William Kittredge, a famed author who is lauded in The Oregon Encyclopedia as a “preeminent voice of the American West,” reflects back on his life growing up on his family’s ranch in eastern Oregon.

I picked this up while my husband and I were staying in Oregon for six months with his job. I like to read books set in the state we’re currently in and Hole in the Sky showed up as a nonfiction pick on the lists I work from (Literary Hub and Book Riot, if you’re curious).

I just couldn’t click with this book.

Kittredge does write beautifully and he writes of a way of life that seems to be disappearing. He writes fondly of the hands who worked the ranch, some of them for years and years for little more than room and board. He describes the difficult land in the salt flats of eastern Oregon and northern Nevada.
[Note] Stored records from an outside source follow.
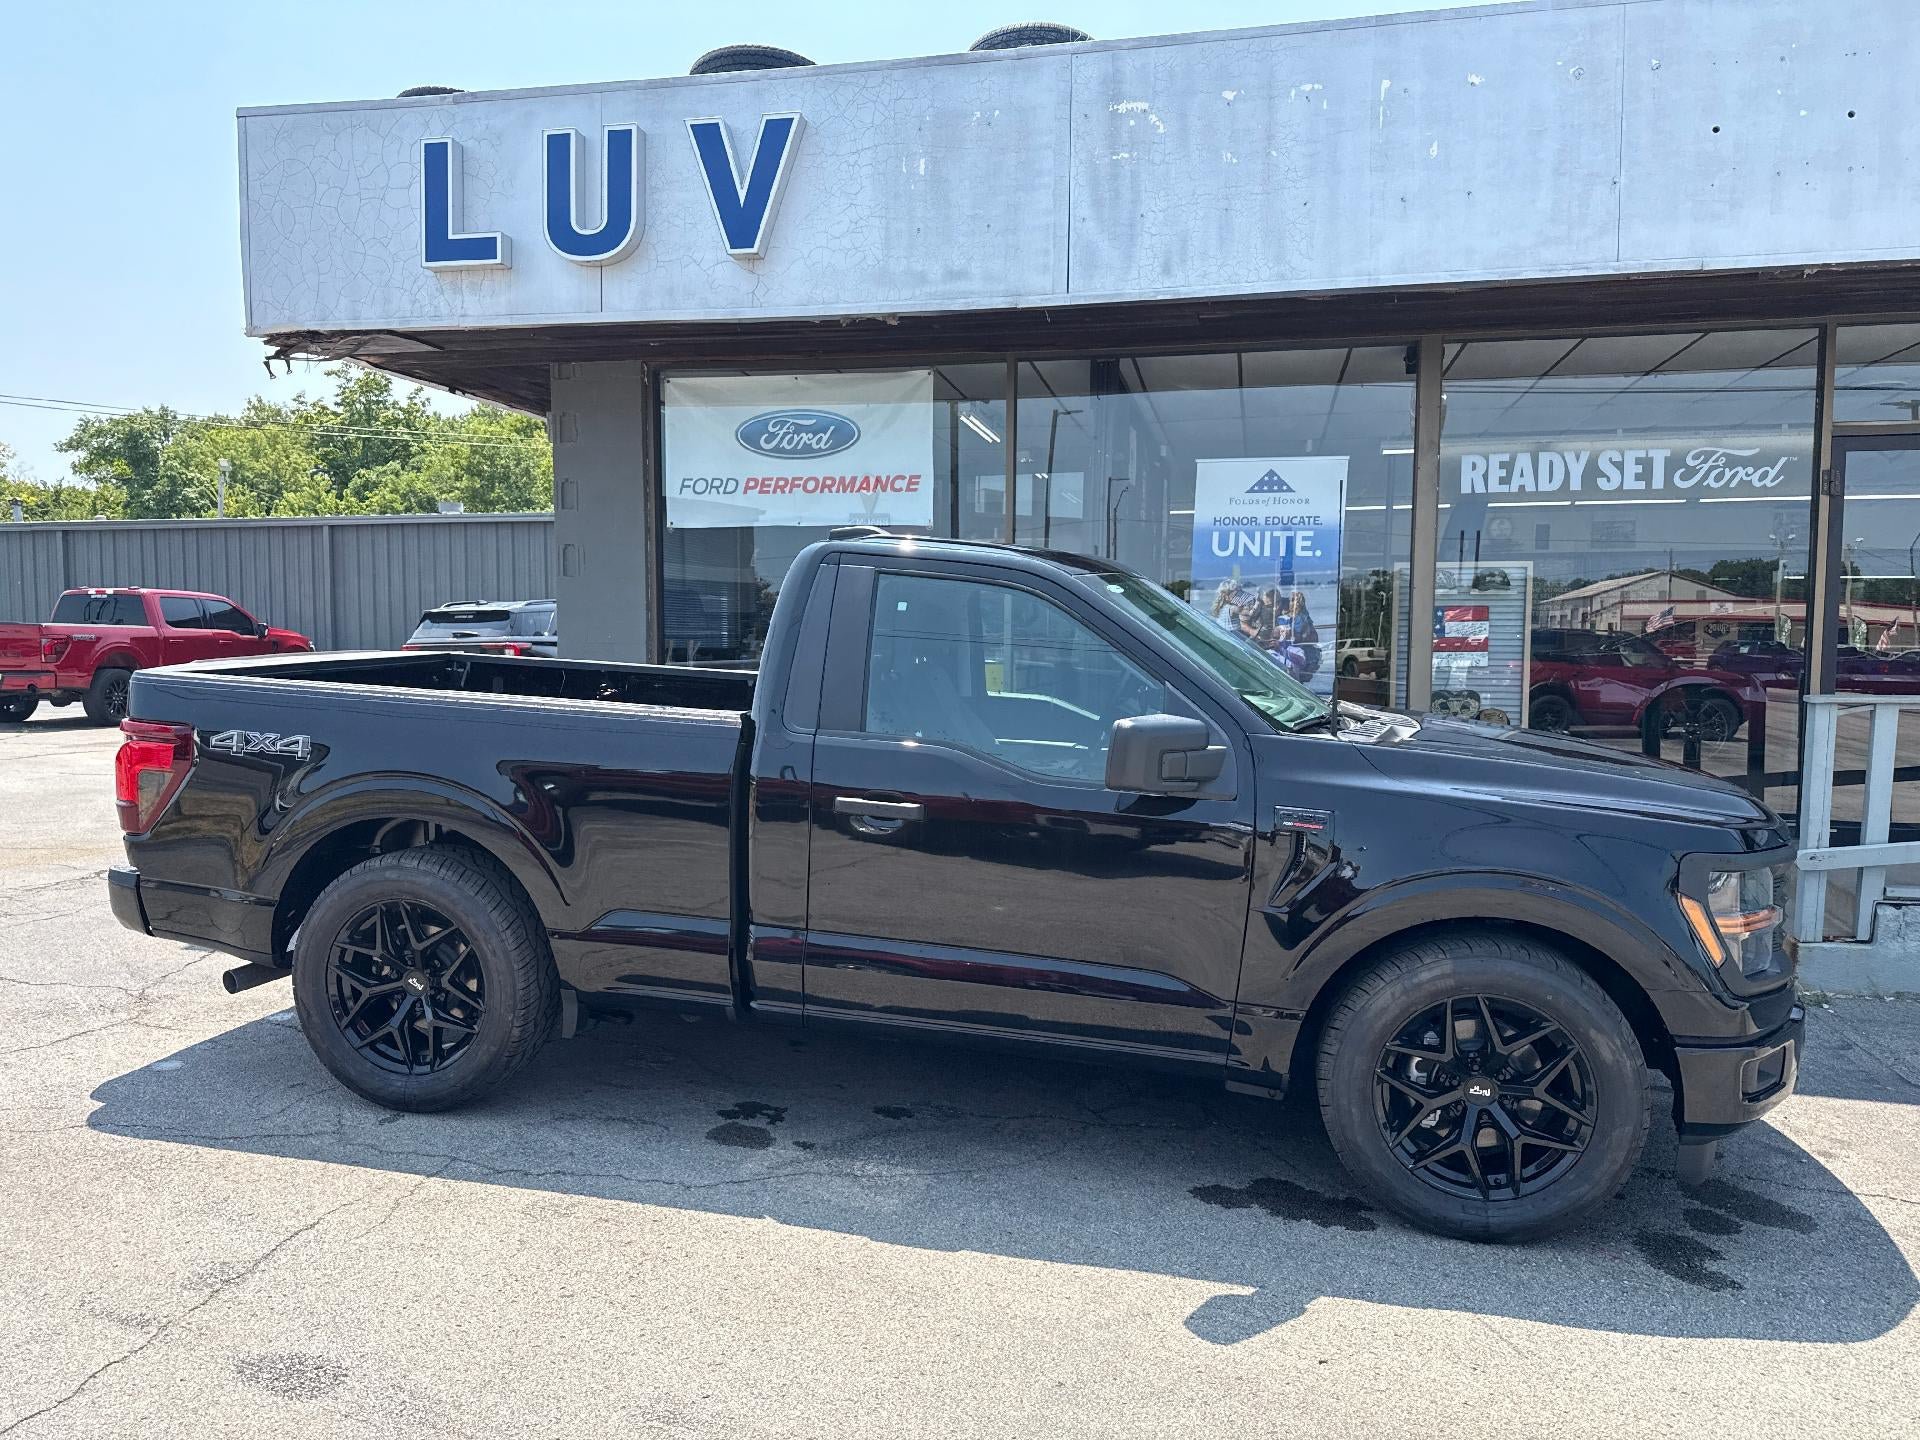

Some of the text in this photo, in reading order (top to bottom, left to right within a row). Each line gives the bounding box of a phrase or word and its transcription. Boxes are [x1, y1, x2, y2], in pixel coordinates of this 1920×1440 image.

[420, 111, 807, 272] LUV
[759, 418, 834, 450] Ford
[679, 474, 922, 495] FORD PERFORMANCE
[1460, 450, 1591, 495] READY
[1596, 448, 1671, 492] SET
[1673, 447, 1789, 489] Ford
[1261, 496, 1271, 507] of
[1272, 495, 1311, 506] HONOR
[1213, 515, 1323, 527] HONOR. EDUCATE.
[1211, 530, 1323, 558] UNITE.
Readers share in the stark beauty of the harsh land even as his family is bending it to their will with irrigation pipes and heavy equipment.
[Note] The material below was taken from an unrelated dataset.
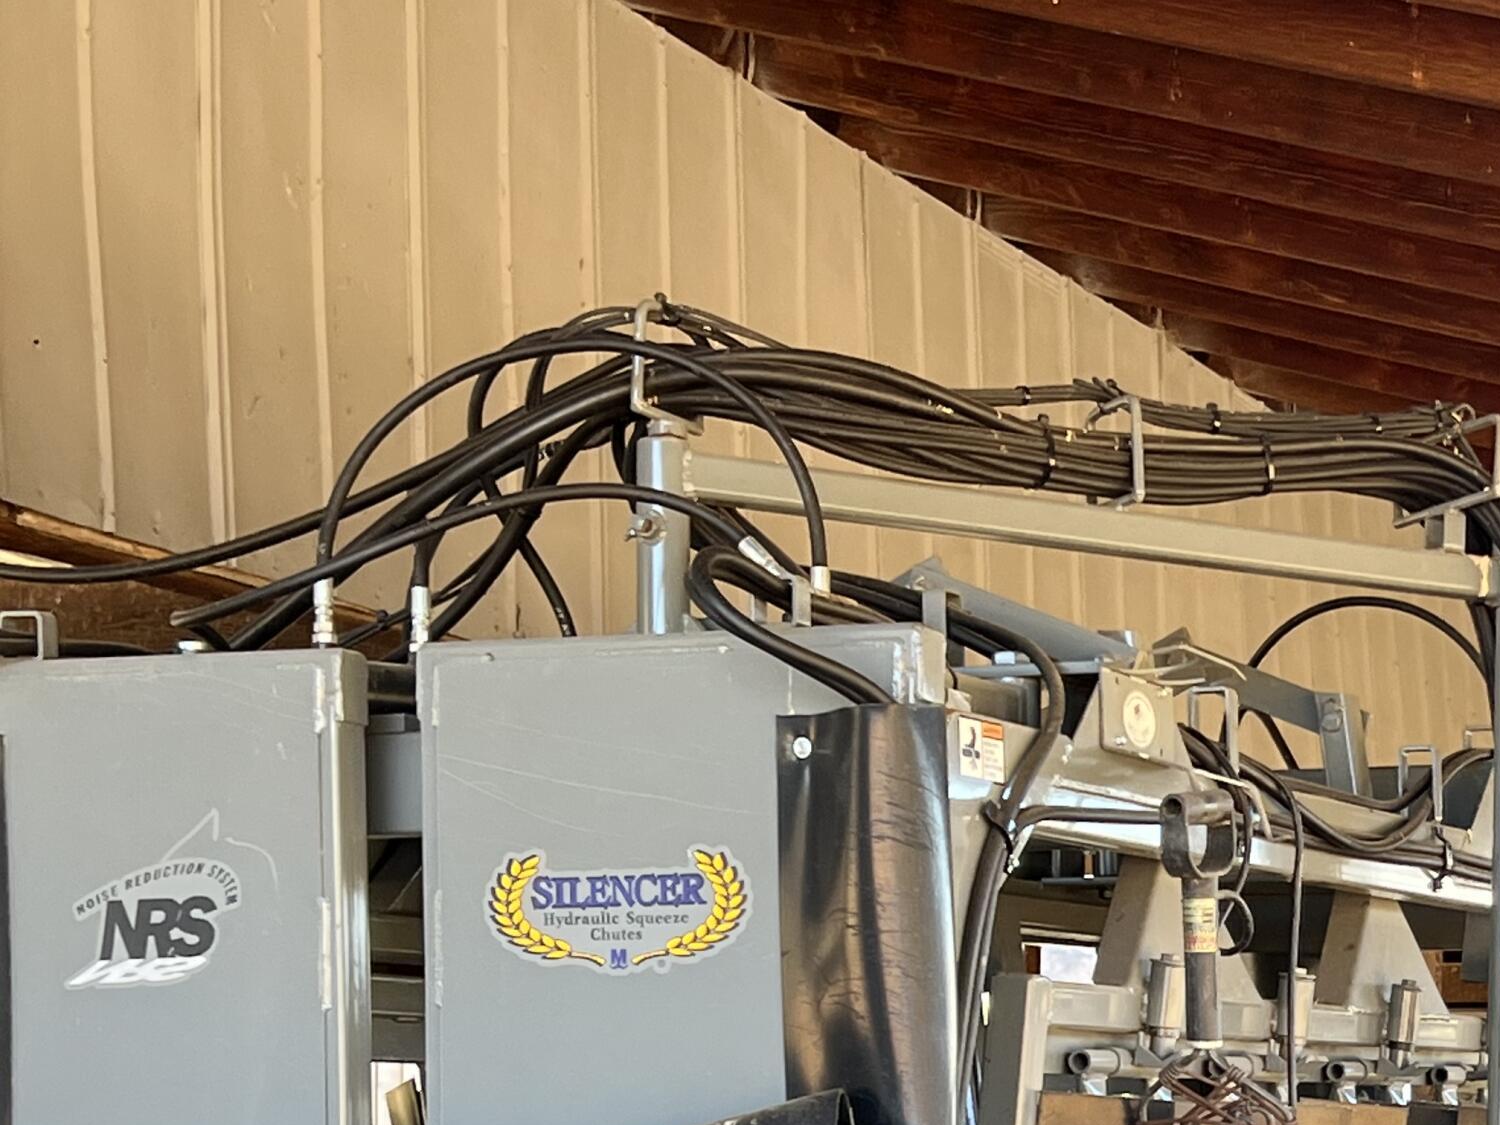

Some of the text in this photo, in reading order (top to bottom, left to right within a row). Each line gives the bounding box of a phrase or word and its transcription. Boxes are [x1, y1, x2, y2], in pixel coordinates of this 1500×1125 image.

The rest of this review doesn’t feel fair, but it’s how I feel. The toxic masculinity put me right off. Kittredge himself acknowledges that he grew up on a hard land that made the people hard. He recognizes that his own extended adolescence lasted at least into his 30s. He liked to throw his weight around when he had authority and he was unreasonably hard on his men even while he was trying to get away with his own drunken workdays. He neglected his children and cheated on his wife shamelessly. And he acknowledges in the book that none of this was right or good. I applaud him for admitting his own faults and putting them out there for anyone to read but I disliked the young man in these pages and, rightly or wrongly, that colored my perception of the entire book.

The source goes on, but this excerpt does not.